Высунувшийся из двери кухни Апатий отчетливо разглядел, как странный посетитель полез куда-то под пройму жилета, потом бессильно уронил руку на столешницу, и в раскрывшейся ладони блеснул свет, который тускловатый огонек каганца может извлечь только из действительно ценного камня. Нимало не заботясь о времени и месте, желтоволосый то ли варвар, то ли поэт недоуменно таращился на сапфировый перстень, за который его с превеликим удовольствием зарезал бы в подворотне любой из праведных ветеранов.
– Эй, официант! – наконец глухо проговорил Дмитрий. Вернее, хотел произнести, а промычал нечто неразборчивое.
– Здесь, – словно эхо отозвался финикиец.
Бутыль с жидкостью неясного происхождения и назначения стукнулась о плохо оструганные сосновые доски стола, рядом было поставлено блюдо с едва поджаренной рыбой. Опыт содержателя кабака подсказывал, что сейчас клиент хочет вовсе не кулинарных изысков.
– Глотни, – посоветовал многоопытный Апатий, – полегчает. Где такой хитончик отхватил, поделись?
Санинспектор Хромин нацелился было ответить, но почувствовал, как в горле теснятся строки: «Там, где суровый Борей спорит за дождь с Аквилоном», и замычал, словно от сильной зубной боли.
– Ком-на-та, – произнес он в результате внутреннего борения аккуратно, чуть ли не по складам. – Сна жаждет тело мое.
– Как будем регистрироваться? – скучным голосом поинтересовался Апатий, подходя к очагу и выбирая уголек поострее. Осмотр мраморной дощечки, где среди угольных разводов красовались имена тех, кто съехал две недели назад, серьезно возмутил Апатия. – Фемистокл! – рявкнул он столь неожиданно что гость непременно поперхнулся бы вином, если бы уже рискнул отведать его.

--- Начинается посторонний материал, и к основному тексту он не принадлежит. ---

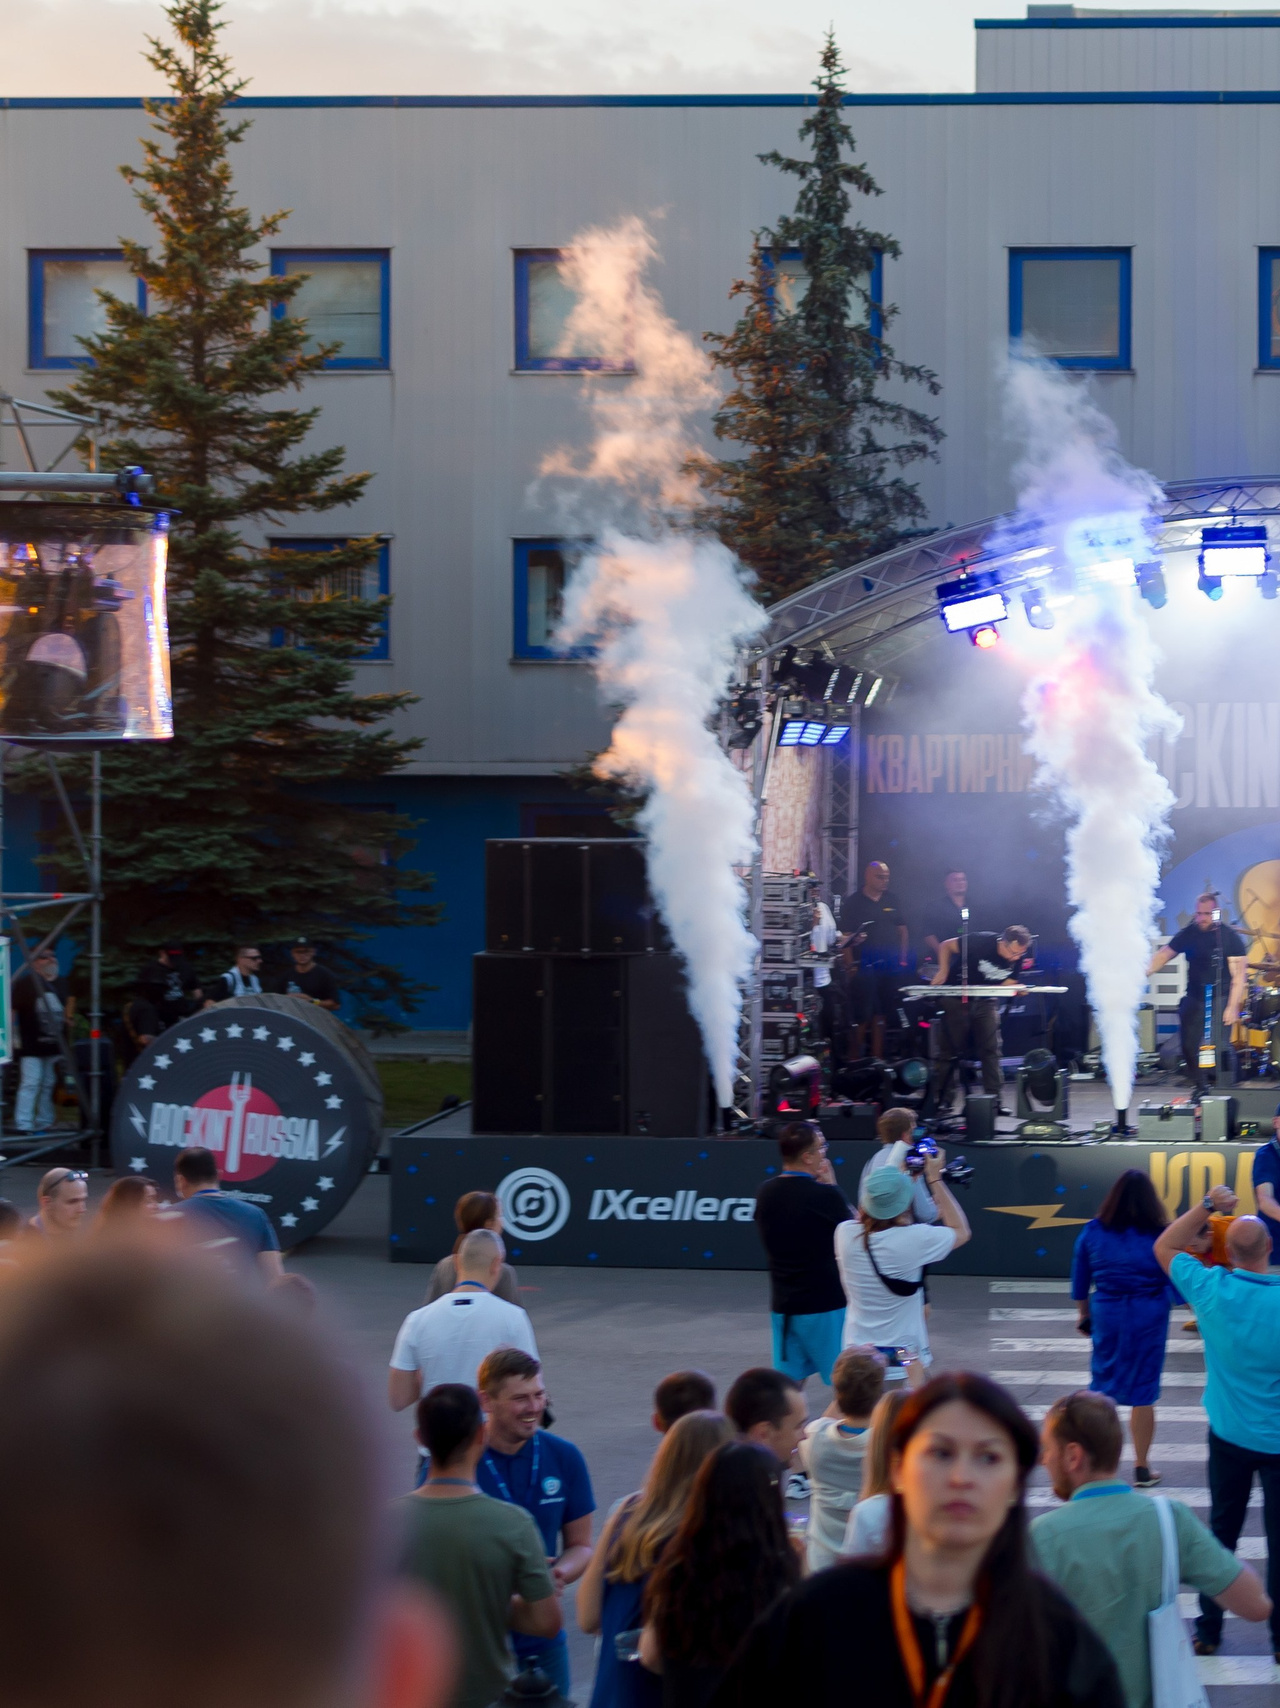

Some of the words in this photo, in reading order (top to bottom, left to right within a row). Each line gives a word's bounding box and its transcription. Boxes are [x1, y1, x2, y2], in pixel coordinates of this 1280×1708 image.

[866, 734, 1044, 793] КВАРТИРНИ
[243, 1112, 320, 1161] RUSSIA
[588, 1189, 757, 1222] IXcellera

Мальчик лет восьми появился неожиданно, он спал на вязанке хвороста у камина и совершенно сливался с нею. Тут же, однако, он вскочил на ноги и почтительно вытянулся перед содержателем заведения. В каждом его движении чувствовалось, что за уши и вихры он тут таскан неоднократно. Что поделать, такова судьба всех сыновей греческих невольников, захваченных в митридатовых войнах, отданных в услужение, совмещенное с обучением, в тайной родительской надежде, что на возрасте они будут взяты в богатые римские дома, а там, глядишь, и приглянутся какой-нибудь нетвердой в предрассудках матроне.
– Фемистокл! – внешне ласково, но со скрытым в голосе педагогическим металлом проговорил Апатий. – Не велел ли я тебе вытирать дощечку по утрам?
– Всенепременно! – ушло кося глазом на синеватый камушек на пальце единственного запоздалого клиента, отвечал мальчуган. И тут же почувствовал стальные финикийские пальцы на многострадальном левом ухе.
– Ты зенками-то не шуруй особенно, – процедил сквозь зубы Апатий. – Не твоего ума дело, понял? Подотрешь мрамор, спать не ложись, а подымись на второй этаж, чтобы гость худого не заподозрил, да по задней лестнице и выйди. От дождя рогожу возьми, я разрешаю, и – ноги в руки – на виллу к госпоже, понял ты меня? Скажи, Апатий кланяться велел и просит обратить внимание: «Над всей Италией безоблачное небо».
Мальчик одновременно с хозяином поглядел в окно, где увесистые капли плющились о слюдяные пластины, заставляя их вздрагивать и гудеть подобно барабану.
– Не твоего ума! – совсем уже домашним тоном добавил Апатий и, крутанув ухо еще разок, отпустил.
– За мальчишкой глаз да глаз нужен, – доверительно склонился он к Хромину, с трудом приходящему в себя после первого глотка.
Спиртной напиток оказался щедро сдобрен специями, словно специально, чтобы отбить исходные запах и вкус, и даже самый опытный и безразличный к разносолам пьянчуга, впервые отведав его в харчевне Апатия, на определенное время погружался в раздумья: что это нам такое дали?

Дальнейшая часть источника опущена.